The Pure CSS3 Content Slider - J3L2404
http://iamceege.com/pure-css3-content-slider/
======
nmcfarl
Neatly done, though I’d really prefer these things come with at least a blog
entry describing how it was done.

Mainly I’d love to know if it’s reasonable to modify it towards your own use.
Looking at the CSS it seems like a lot of very tiny and hairy tweaks, that
would require someone who is both technically adept, and _very_ visually
adept.

The CSS is here: <http://iamceege.com/pure-css3-content-slider/css/slider.css>

\----------------

Update: The download has a version of the code with some very helpful
comments. Not so useful for my purposes, but very useful if you wanted to
learn more about the techniques used to build this thing.

\----------------

Update 2: Here’s a blog entry by the other on the building of it:
[https://forrst.com/posts/The_Pure_CSS3_Content_Slider_Look_m...](https://forrst.com/posts/The_Pure_CSS3_Content_Slider_Look_ma_No_JavaSc-
TJ8)

------
artursapek
Very nicely done, but I wouldn't use this with iFrames for the time being.
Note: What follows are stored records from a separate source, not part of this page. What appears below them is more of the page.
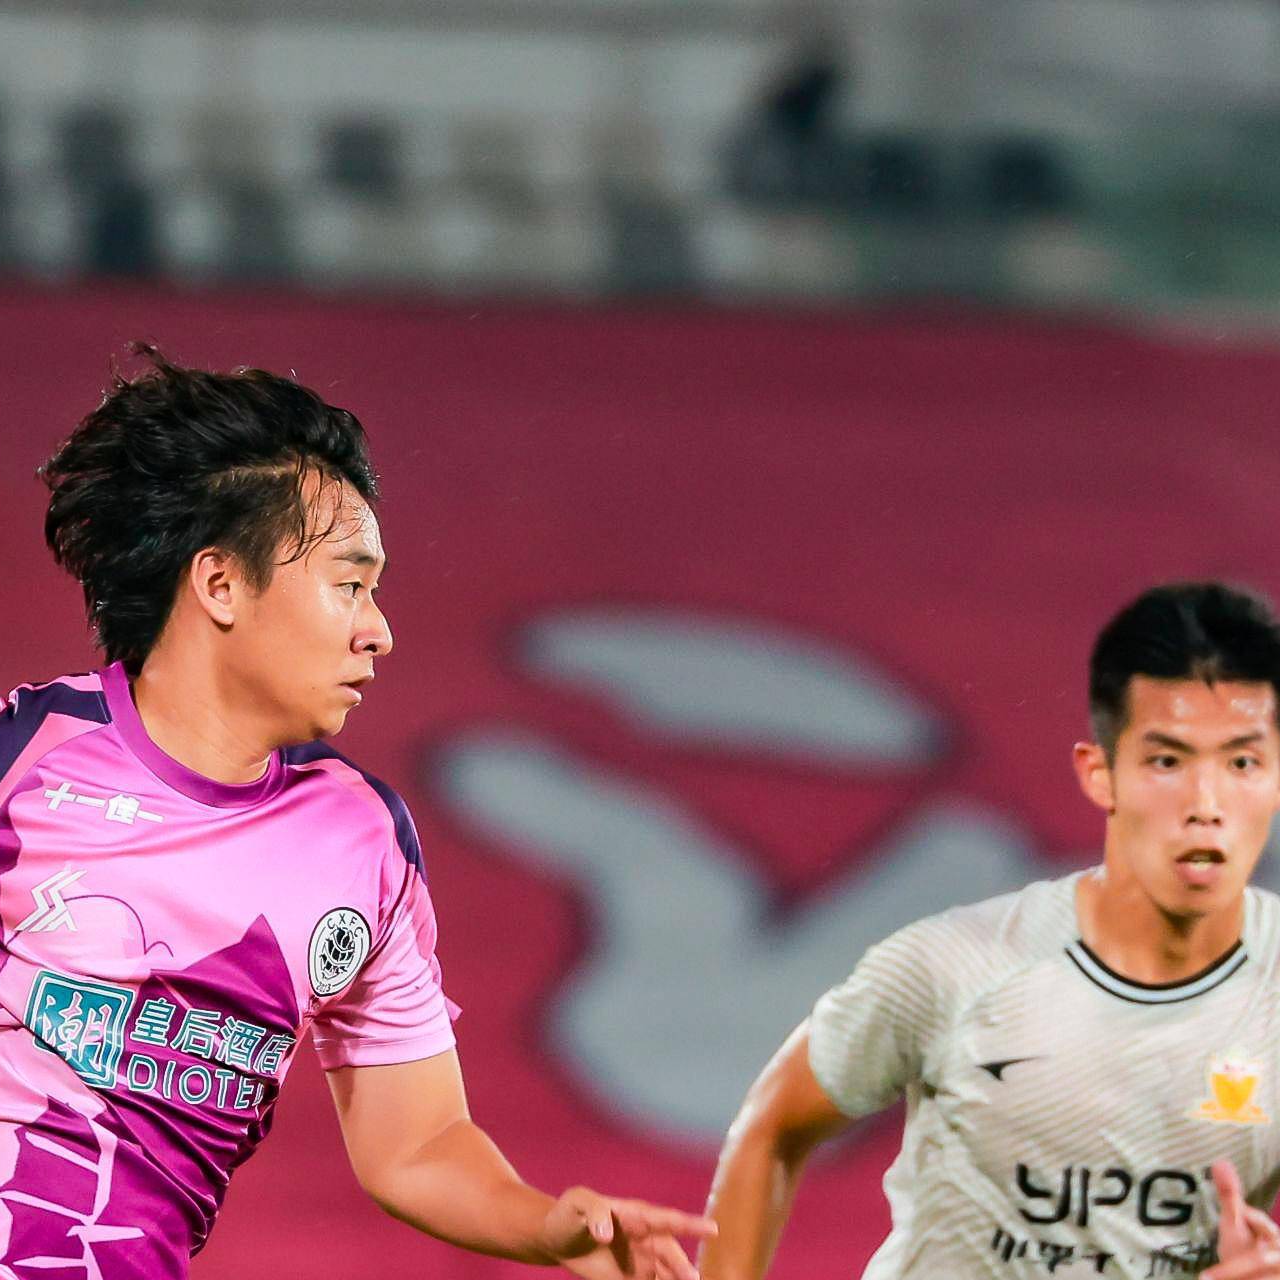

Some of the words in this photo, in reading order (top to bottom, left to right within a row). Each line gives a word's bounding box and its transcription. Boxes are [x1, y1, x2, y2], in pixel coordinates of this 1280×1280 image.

[130, 998, 297, 1075] 皇后酒店
[1015, 1162, 1213, 1227] YPG
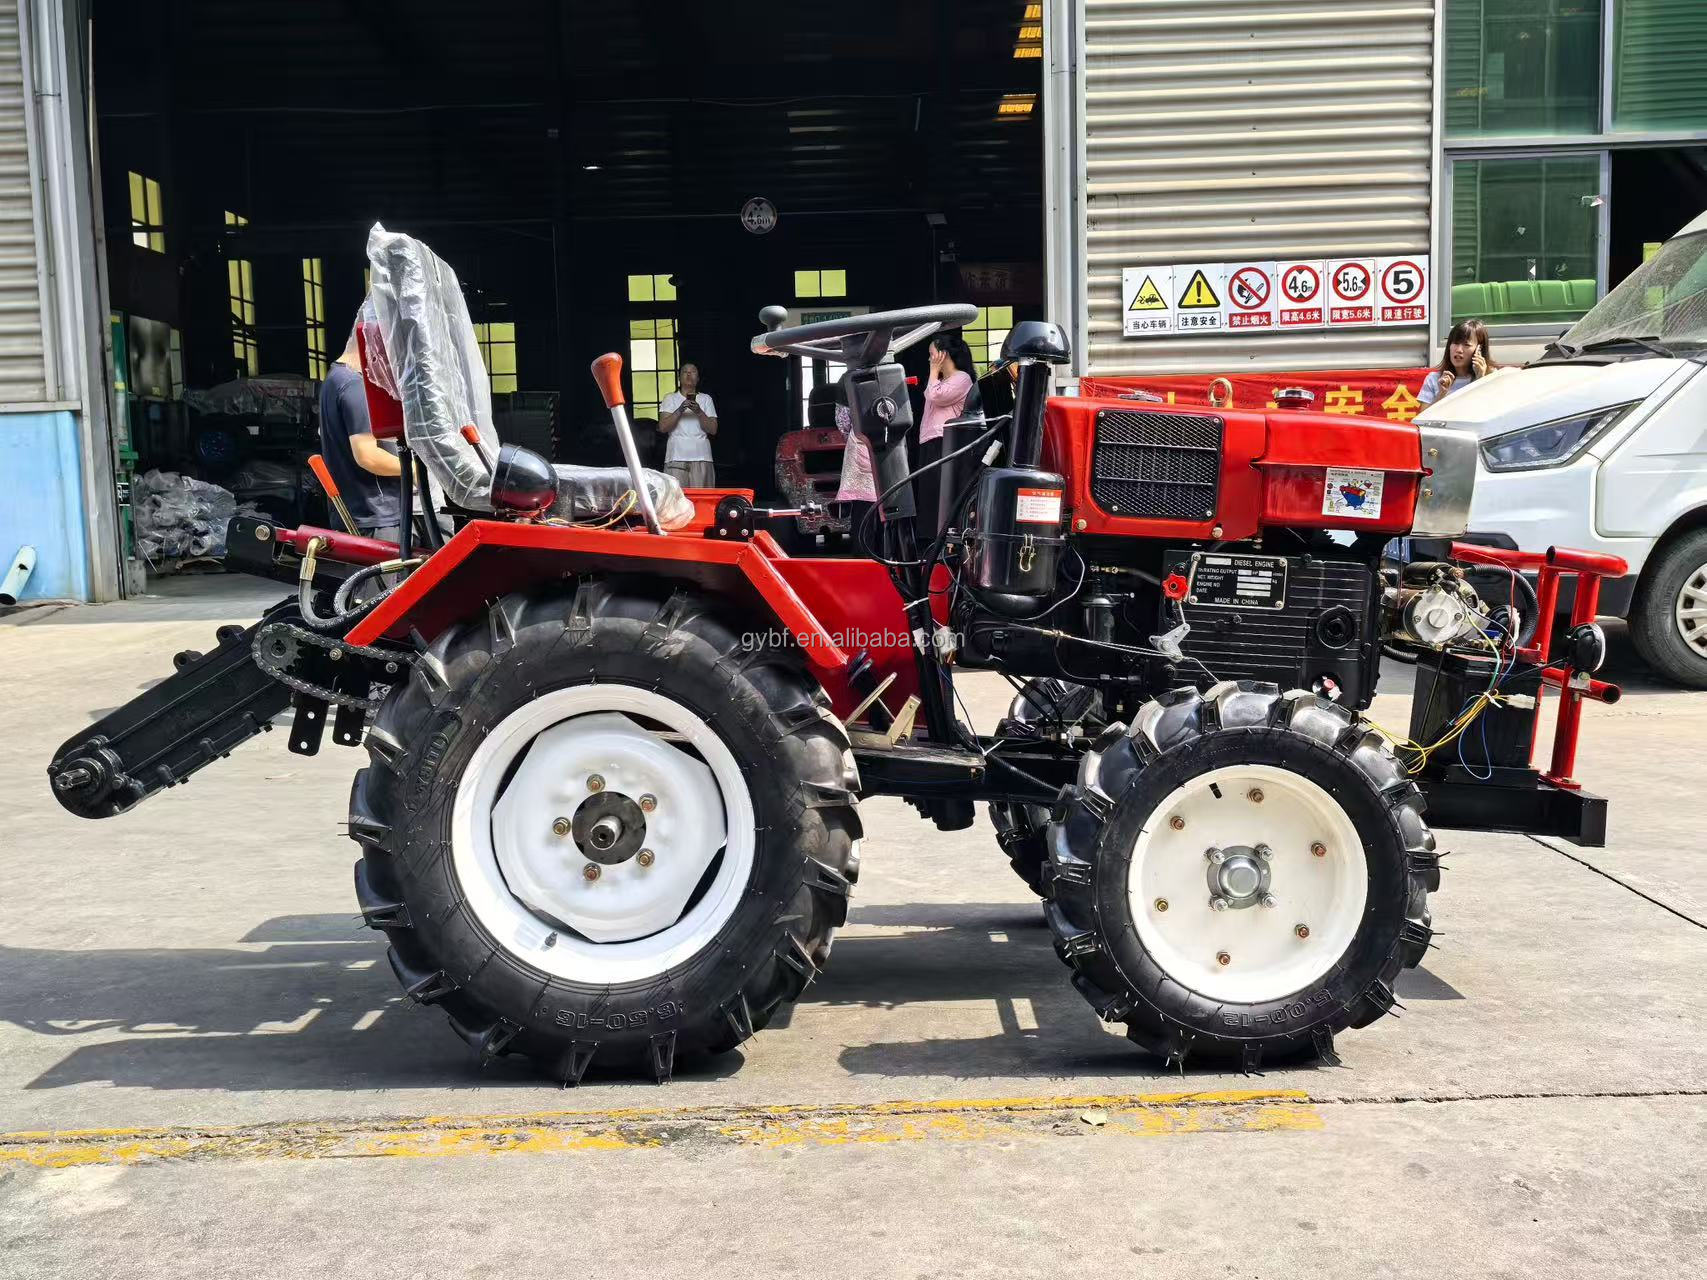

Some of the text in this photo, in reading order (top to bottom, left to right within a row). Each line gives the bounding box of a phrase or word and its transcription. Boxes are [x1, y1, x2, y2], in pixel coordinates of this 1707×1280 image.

[1288, 276, 1313, 293] 4.6m
[1342, 272, 1363, 292] 5.6m
[1393, 270, 1414, 295] 5
[1281, 309, 1320, 322] 限高4.6米
[1332, 308, 1372, 320] 限宽5.6米
[1384, 307, 1424, 320] 限速行驶
[1132, 319, 1167, 330] 当心车辆
[1181, 315, 1217, 326] 注意安全
[1231, 314, 1269, 327] 禁止烟火
[1234, 559, 1275, 568] DIESEL ENGINE
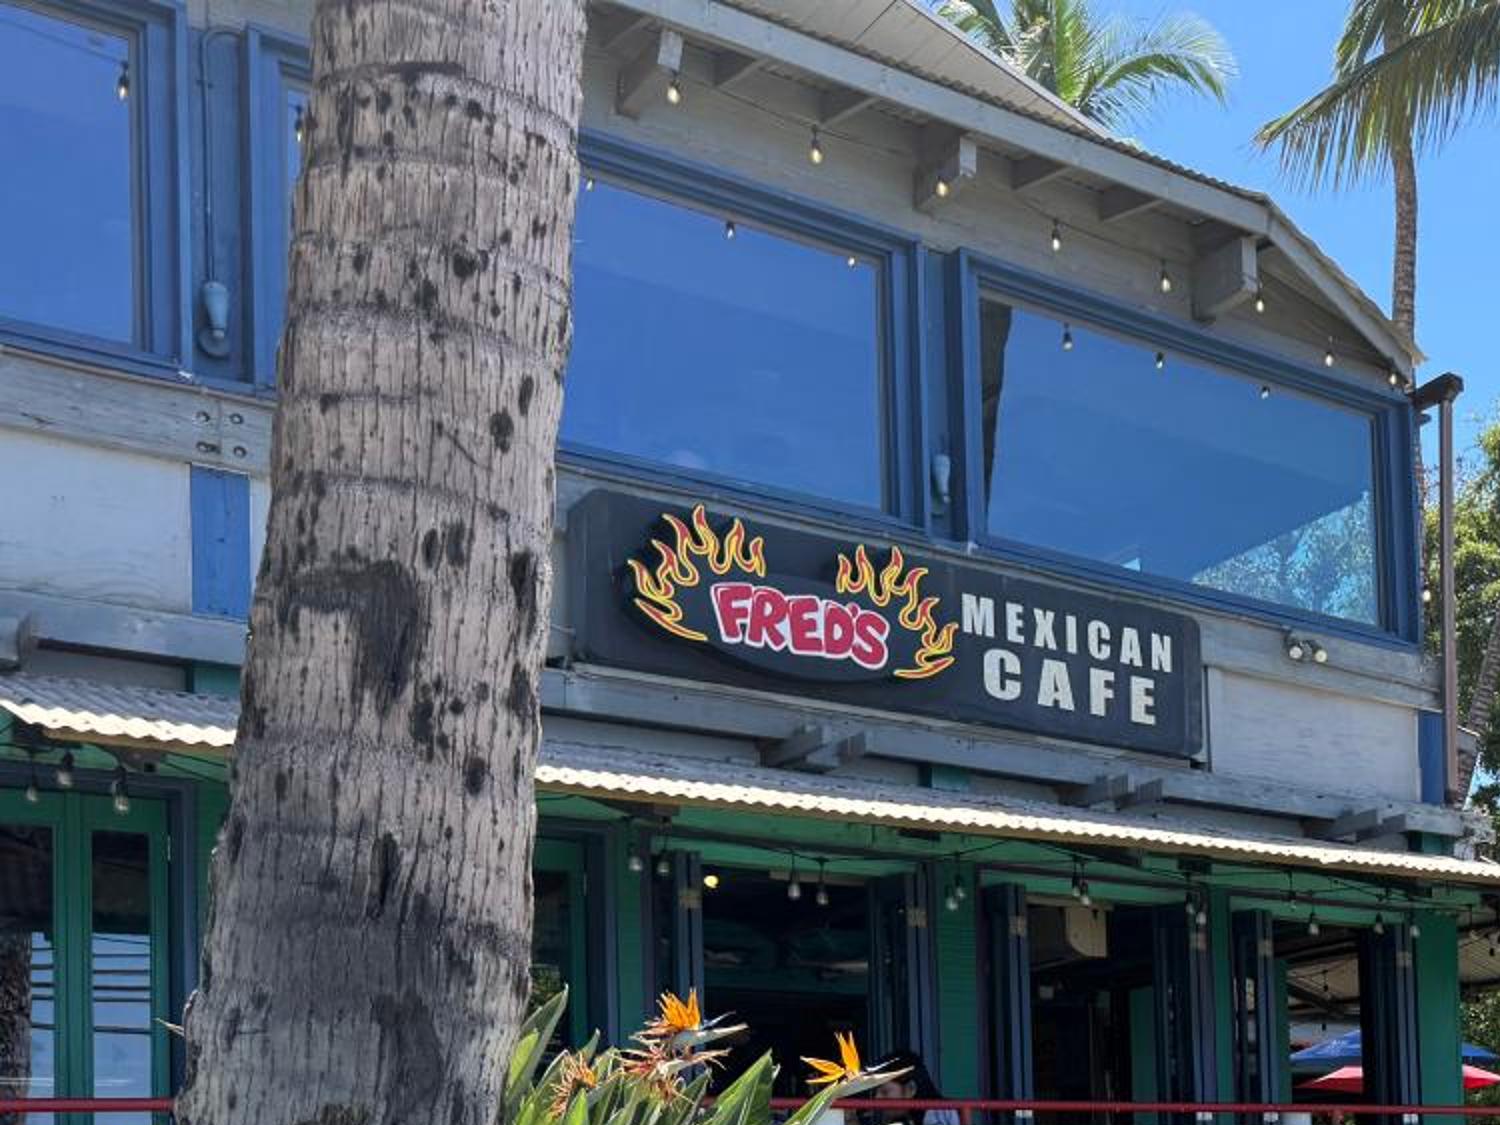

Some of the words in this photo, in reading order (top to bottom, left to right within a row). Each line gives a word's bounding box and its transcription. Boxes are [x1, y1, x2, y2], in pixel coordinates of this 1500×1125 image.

[711, 583, 889, 668] FRED'S
[962, 594, 1174, 673] MEXICAN
[984, 649, 1156, 725] CAFE
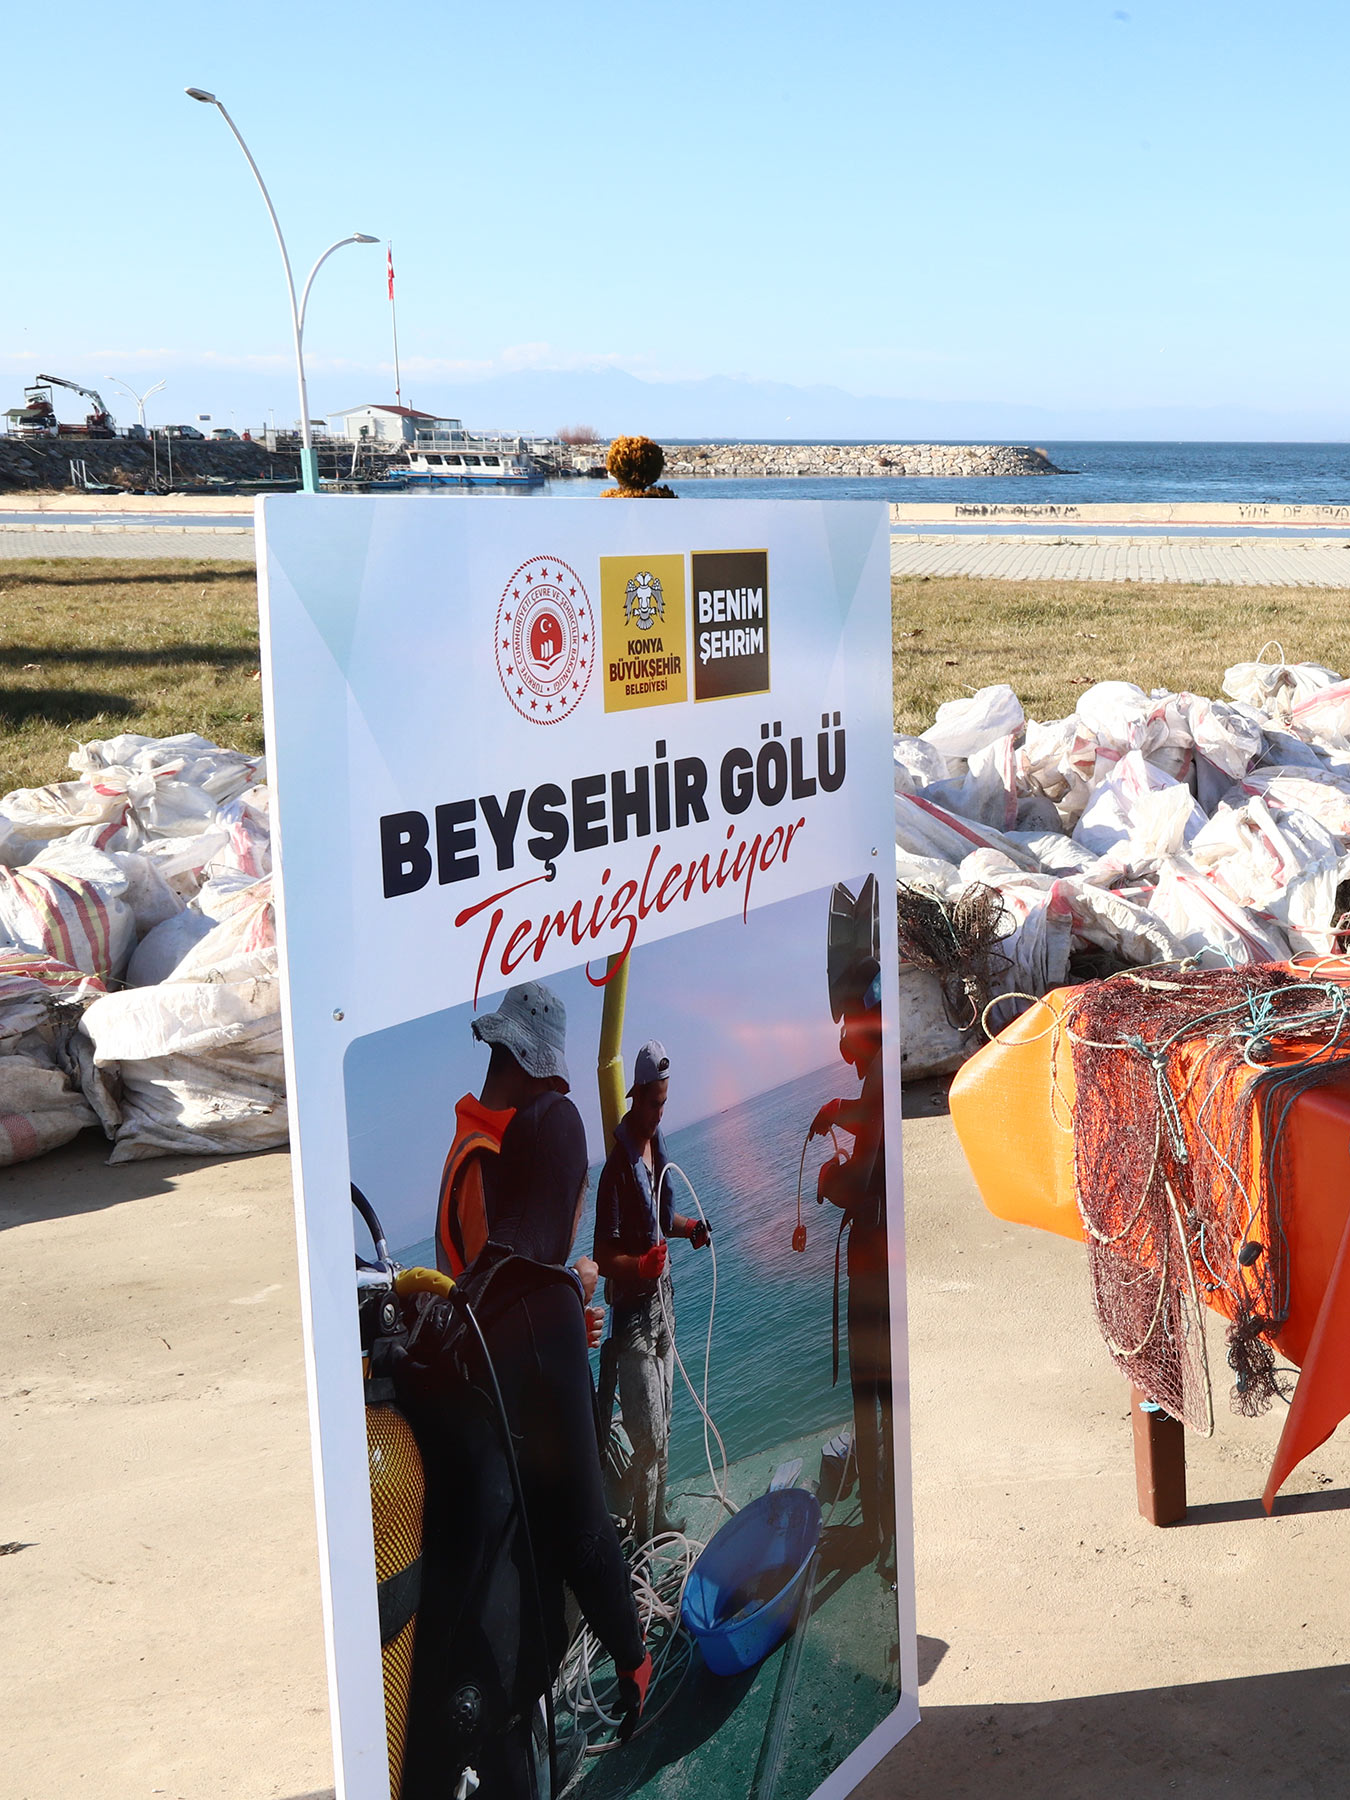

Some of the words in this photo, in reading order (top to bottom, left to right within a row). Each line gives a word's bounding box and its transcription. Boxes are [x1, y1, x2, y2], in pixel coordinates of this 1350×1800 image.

[530, 587, 551, 602] ÇEVRE
[552, 589, 561, 601] VE
[698, 587, 763, 624] BENİM
[627, 637, 664, 656] KONYA
[699, 626, 764, 666] ŞEHRİM
[609, 652, 682, 682] BÜYÜKŞEHİR
[625, 677, 668, 696] BELEDİYESİ
[380, 740, 709, 899] BEYŞEHİR
[720, 711, 847, 815] GÖLÜ
[454, 816, 806, 1012] Temizleniyor
I
started playing with the Wiki article and the slider jumped around a bit
incrementally until it decided it was "done" sliding at an incomplete stage.
It has since been synced like this: <http://i.imgur.com/0LSDk.jpg>

------
karl_nerd
Harry Roberts (@csswizard) did something similar, but fluid width a while ago

[http://csswizardry.com/2011/10/fully-fluid-responsive-css-
ca...](http://csswizardry.com/2011/10/fully-fluid-responsive-css-carousel/)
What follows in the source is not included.